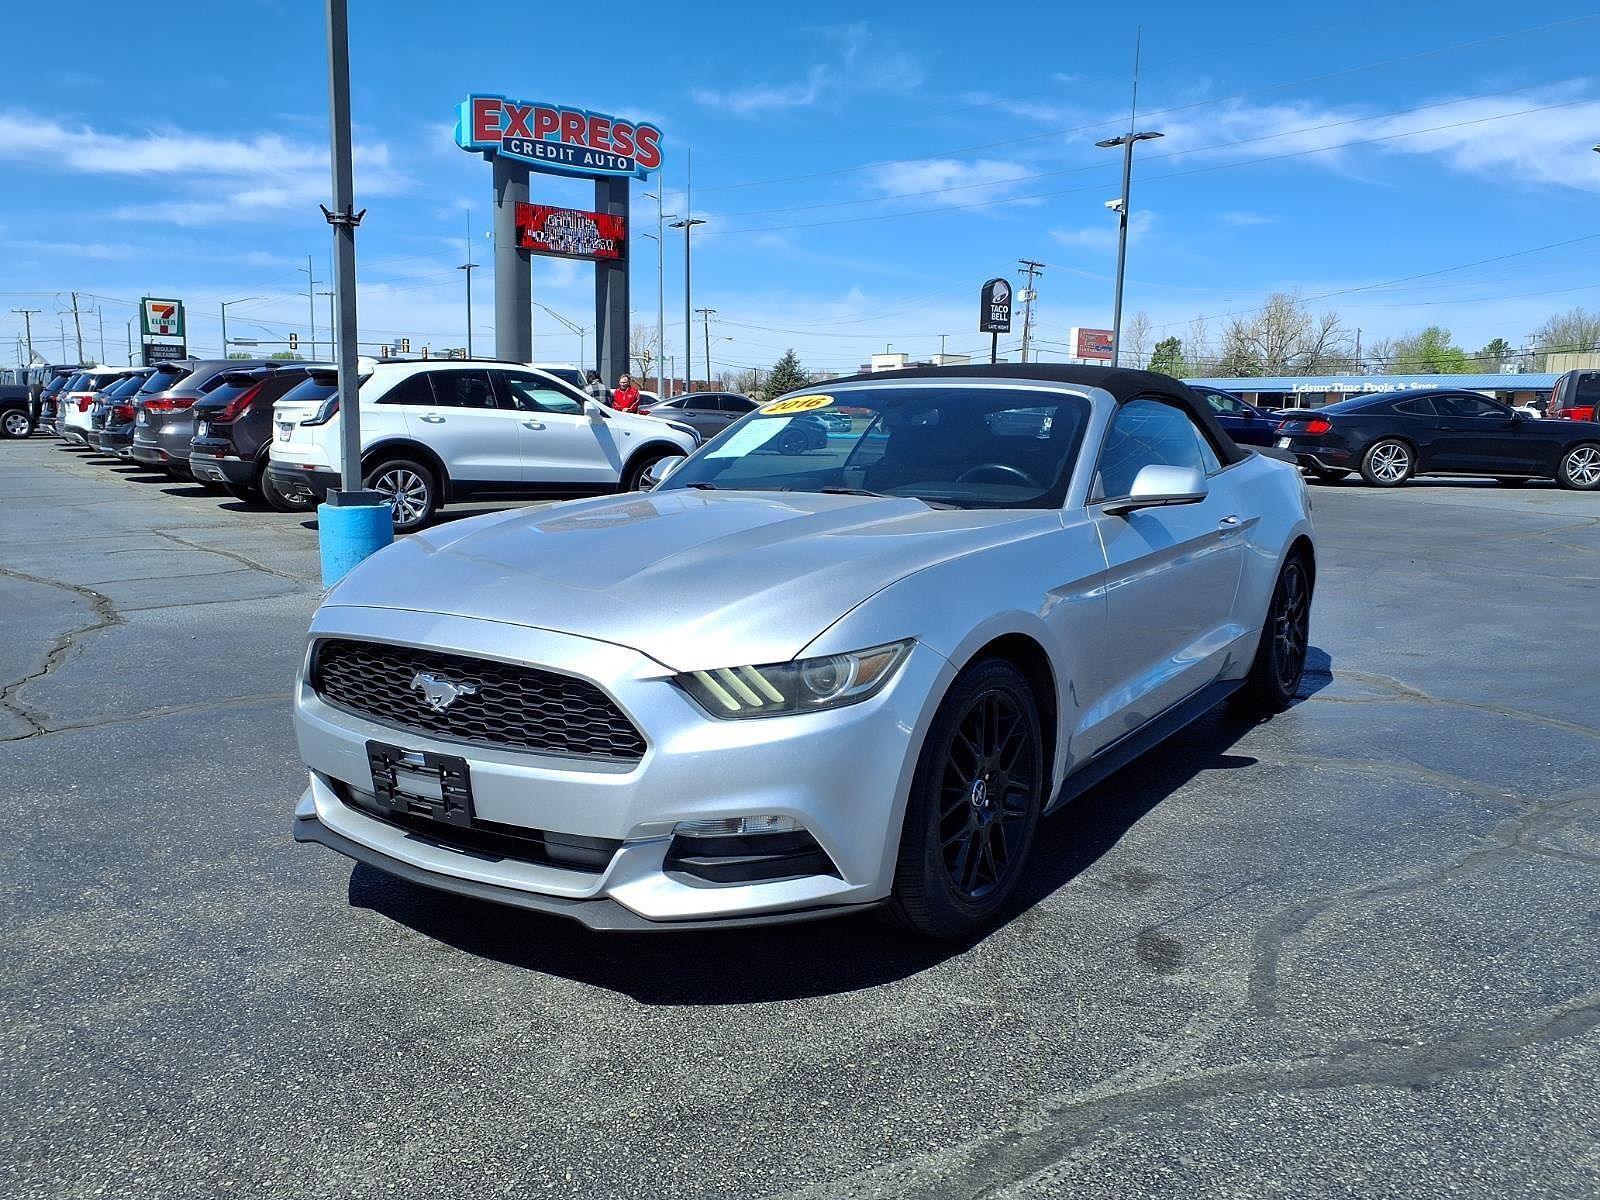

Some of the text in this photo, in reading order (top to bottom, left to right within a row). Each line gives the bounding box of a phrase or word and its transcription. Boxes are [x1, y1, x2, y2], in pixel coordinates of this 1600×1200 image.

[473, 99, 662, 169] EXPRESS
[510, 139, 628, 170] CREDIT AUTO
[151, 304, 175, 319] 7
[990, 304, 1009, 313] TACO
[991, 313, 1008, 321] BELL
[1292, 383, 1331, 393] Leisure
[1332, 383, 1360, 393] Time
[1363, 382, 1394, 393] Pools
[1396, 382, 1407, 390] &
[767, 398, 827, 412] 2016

WHAT TO DO — The whole listing is to be written out exactly; the pictures stay out of the copy.

EXERCISE SOLUTION —
Some of the text in this photo, in reading order (top to bottom, left to right within a row). Each line gives the bounding box of a phrase or word and its transcription. Boxes are [x1, y1, x2, y2], in pixel coordinates of this 1600×1200 image.

[473, 99, 662, 169] EXPRESS
[510, 139, 628, 170] CREDIT AUTO
[151, 304, 175, 319] 7
[990, 304, 1009, 313] TACO
[991, 313, 1008, 321] BELL
[1292, 383, 1331, 393] Leisure
[1332, 383, 1360, 393] Time
[1363, 382, 1394, 393] Pools
[1396, 382, 1407, 390] &
[767, 398, 827, 412] 2016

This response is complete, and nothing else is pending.